---------- DATA FOR REVIEW

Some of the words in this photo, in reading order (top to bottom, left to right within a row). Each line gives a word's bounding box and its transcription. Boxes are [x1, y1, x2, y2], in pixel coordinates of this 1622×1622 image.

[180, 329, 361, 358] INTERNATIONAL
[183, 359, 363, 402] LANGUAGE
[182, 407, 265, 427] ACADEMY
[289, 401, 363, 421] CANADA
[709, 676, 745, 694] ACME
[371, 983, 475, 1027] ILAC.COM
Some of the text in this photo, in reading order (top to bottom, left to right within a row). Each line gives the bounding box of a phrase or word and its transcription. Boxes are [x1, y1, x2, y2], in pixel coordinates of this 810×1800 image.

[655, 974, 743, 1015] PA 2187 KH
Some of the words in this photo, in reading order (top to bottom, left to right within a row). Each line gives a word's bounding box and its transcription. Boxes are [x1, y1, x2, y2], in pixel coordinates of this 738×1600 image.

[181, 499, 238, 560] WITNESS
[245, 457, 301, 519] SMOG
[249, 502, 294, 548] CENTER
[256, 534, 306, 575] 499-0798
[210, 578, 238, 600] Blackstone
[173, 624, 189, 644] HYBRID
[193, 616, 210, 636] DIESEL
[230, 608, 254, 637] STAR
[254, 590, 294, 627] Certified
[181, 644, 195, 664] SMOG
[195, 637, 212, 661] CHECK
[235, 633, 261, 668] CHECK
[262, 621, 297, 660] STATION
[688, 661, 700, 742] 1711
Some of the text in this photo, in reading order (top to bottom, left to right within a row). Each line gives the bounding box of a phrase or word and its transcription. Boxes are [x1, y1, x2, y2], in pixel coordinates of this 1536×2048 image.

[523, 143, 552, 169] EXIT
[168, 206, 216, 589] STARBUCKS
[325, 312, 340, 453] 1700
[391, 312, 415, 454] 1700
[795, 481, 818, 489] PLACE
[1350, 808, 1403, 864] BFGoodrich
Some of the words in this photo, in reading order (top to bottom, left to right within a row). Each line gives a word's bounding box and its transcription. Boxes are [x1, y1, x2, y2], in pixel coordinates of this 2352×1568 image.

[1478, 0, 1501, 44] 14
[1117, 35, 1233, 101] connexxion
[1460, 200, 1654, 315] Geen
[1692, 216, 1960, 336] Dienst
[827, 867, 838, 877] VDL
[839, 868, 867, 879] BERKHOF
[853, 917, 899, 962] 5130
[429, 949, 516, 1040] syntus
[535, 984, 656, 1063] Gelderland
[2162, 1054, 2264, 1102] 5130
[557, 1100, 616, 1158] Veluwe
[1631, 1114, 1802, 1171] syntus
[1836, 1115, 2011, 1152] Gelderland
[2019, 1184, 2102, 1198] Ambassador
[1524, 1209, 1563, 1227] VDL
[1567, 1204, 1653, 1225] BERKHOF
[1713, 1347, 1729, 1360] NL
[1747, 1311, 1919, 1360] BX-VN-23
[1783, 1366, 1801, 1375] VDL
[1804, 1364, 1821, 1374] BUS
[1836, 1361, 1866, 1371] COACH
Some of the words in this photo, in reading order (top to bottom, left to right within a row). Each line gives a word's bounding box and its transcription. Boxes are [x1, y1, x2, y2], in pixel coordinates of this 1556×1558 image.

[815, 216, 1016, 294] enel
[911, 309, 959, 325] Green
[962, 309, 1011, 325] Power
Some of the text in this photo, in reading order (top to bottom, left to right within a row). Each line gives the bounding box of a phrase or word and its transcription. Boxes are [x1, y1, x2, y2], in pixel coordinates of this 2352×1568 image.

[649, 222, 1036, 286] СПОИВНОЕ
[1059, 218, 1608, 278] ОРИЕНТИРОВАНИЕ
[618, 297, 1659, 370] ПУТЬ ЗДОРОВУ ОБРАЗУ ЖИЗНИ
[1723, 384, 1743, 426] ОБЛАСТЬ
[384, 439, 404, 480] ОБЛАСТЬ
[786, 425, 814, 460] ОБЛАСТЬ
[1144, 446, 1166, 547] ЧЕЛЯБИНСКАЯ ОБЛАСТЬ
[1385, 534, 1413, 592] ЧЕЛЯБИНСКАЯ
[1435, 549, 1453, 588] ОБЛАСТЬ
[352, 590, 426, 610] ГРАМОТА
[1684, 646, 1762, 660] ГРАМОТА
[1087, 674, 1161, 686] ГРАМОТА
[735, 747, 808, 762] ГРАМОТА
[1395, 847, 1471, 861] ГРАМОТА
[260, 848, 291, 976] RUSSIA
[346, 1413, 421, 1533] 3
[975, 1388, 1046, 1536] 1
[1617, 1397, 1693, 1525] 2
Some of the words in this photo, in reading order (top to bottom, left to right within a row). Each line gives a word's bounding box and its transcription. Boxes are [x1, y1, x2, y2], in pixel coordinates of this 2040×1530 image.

--------------------

**TASK INSTRUCTIONS**.
Would you give the entries back word for word?

**RESULT FOR THIS TASK**.
Some of the words in this photo, in reading order (top to bottom, left to right within a row). Each line gives a word's bounding box and its transcription. Boxes are [x1, y1, x2, y2], in pixel coordinates of this 1622×1622 image.

[180, 329, 361, 358] INTERNATIONAL
[183, 359, 363, 402] LANGUAGE
[182, 407, 265, 427] ACADEMY
[289, 401, 363, 421] CANADA
[709, 676, 745, 694] ACME
[371, 983, 475, 1027] ILAC.COM
Some of the text in this photo, in reading order (top to bottom, left to right within a row). Each line gives the bounding box of a phrase or word and its transcription. Boxes are [x1, y1, x2, y2], in pixel coordinates of this 810×1800 image.

[655, 974, 743, 1015] PA 2187 KH
Some of the words in this photo, in reading order (top to bottom, left to right within a row). Each line gives a word's bounding box and its transcription. Boxes are [x1, y1, x2, y2], in pixel coordinates of this 738×1600 image.

[181, 499, 238, 560] WITNESS
[245, 457, 301, 519] SMOG
[249, 502, 294, 548] CENTER
[256, 534, 306, 575] 499-0798
[210, 578, 238, 600] Blackstone
[173, 624, 189, 644] HYBRID
[193, 616, 210, 636] DIESEL
[230, 608, 254, 637] STAR
[254, 590, 294, 627] Certified
[181, 644, 195, 664] SMOG
[195, 637, 212, 661] CHECK
[235, 633, 261, 668] CHECK
[262, 621, 297, 660] STATION
[688, 661, 700, 742] 1711
Some of the text in this photo, in reading order (top to bottom, left to right within a row). Each line gives the bounding box of a phrase or word and its transcription. Boxes are [x1, y1, x2, y2], in pixel coordinates of this 1536×2048 image.

[523, 143, 552, 169] EXIT
[168, 206, 216, 589] STARBUCKS
[325, 312, 340, 453] 1700
[391, 312, 415, 454] 1700
[795, 481, 818, 489] PLACE
[1350, 808, 1403, 864] BFGoodrich
Some of the words in this photo, in reading order (top to bottom, left to right within a row). Each line gives a word's bounding box and its transcription. Boxes are [x1, y1, x2, y2], in pixel coordinates of this 2352×1568 image.

[1478, 0, 1501, 44] 14
[1117, 35, 1233, 101] connexxion
[1460, 200, 1654, 315] Geen
[1692, 216, 1960, 336] Dienst
[827, 867, 838, 877] VDL
[839, 868, 867, 879] BERKHOF
[853, 917, 899, 962] 5130
[429, 949, 516, 1040] syntus
[535, 984, 656, 1063] Gelderland
[2162, 1054, 2264, 1102] 5130
[557, 1100, 616, 1158] Veluwe
[1631, 1114, 1802, 1171] syntus
[1836, 1115, 2011, 1152] Gelderland
[2019, 1184, 2102, 1198] Ambassador
[1524, 1209, 1563, 1227] VDL
[1567, 1204, 1653, 1225] BERKHOF
[1713, 1347, 1729, 1360] NL
[1747, 1311, 1919, 1360] BX-VN-23
[1783, 1366, 1801, 1375] VDL
[1804, 1364, 1821, 1374] BUS
[1836, 1361, 1866, 1371] COACH
Some of the words in this photo, in reading order (top to bottom, left to right within a row). Each line gives a word's bounding box and its transcription. Boxes are [x1, y1, x2, y2], in pixel coordinates of this 1556×1558 image.

[815, 216, 1016, 294] enel
[911, 309, 959, 325] Green
[962, 309, 1011, 325] Power
Some of the text in this photo, in reading order (top to bottom, left to right within a row). Each line gives the bounding box of a phrase or word and its transcription. Boxes are [x1, y1, x2, y2], in pixel coordinates of this 2352×1568 image.

[649, 222, 1036, 286] СПОИВНОЕ
[1059, 218, 1608, 278] ОРИЕНТИРОВАНИЕ
[618, 297, 1659, 370] ПУТЬ ЗДОРОВУ ОБРАЗУ ЖИЗНИ
[1723, 384, 1743, 426] ОБЛАСТЬ
[384, 439, 404, 480] ОБЛАСТЬ
[786, 425, 814, 460] ОБЛАСТЬ
[1144, 446, 1166, 547] ЧЕЛЯБИНСКАЯ ОБЛАСТЬ
[1385, 534, 1413, 592] ЧЕЛЯБИНСКАЯ
[1435, 549, 1453, 588] ОБЛАСТЬ
[352, 590, 426, 610] ГРАМОТА
[1684, 646, 1762, 660] ГРАМОТА
[1087, 674, 1161, 686] ГРАМОТА
[735, 747, 808, 762] ГРАМОТА
[1395, 847, 1471, 861] ГРАМОТА
[260, 848, 291, 976] RUSSIA
[346, 1413, 421, 1533] 3
[975, 1388, 1046, 1536] 1
[1617, 1397, 1693, 1525] 2
Some of the words in this photo, in reading order (top to bottom, left to right within a row). Each line gives a word's bounding box and its transcription. Boxes are [x1, y1, x2, y2], in pixel coordinates of this 2040×1530 image.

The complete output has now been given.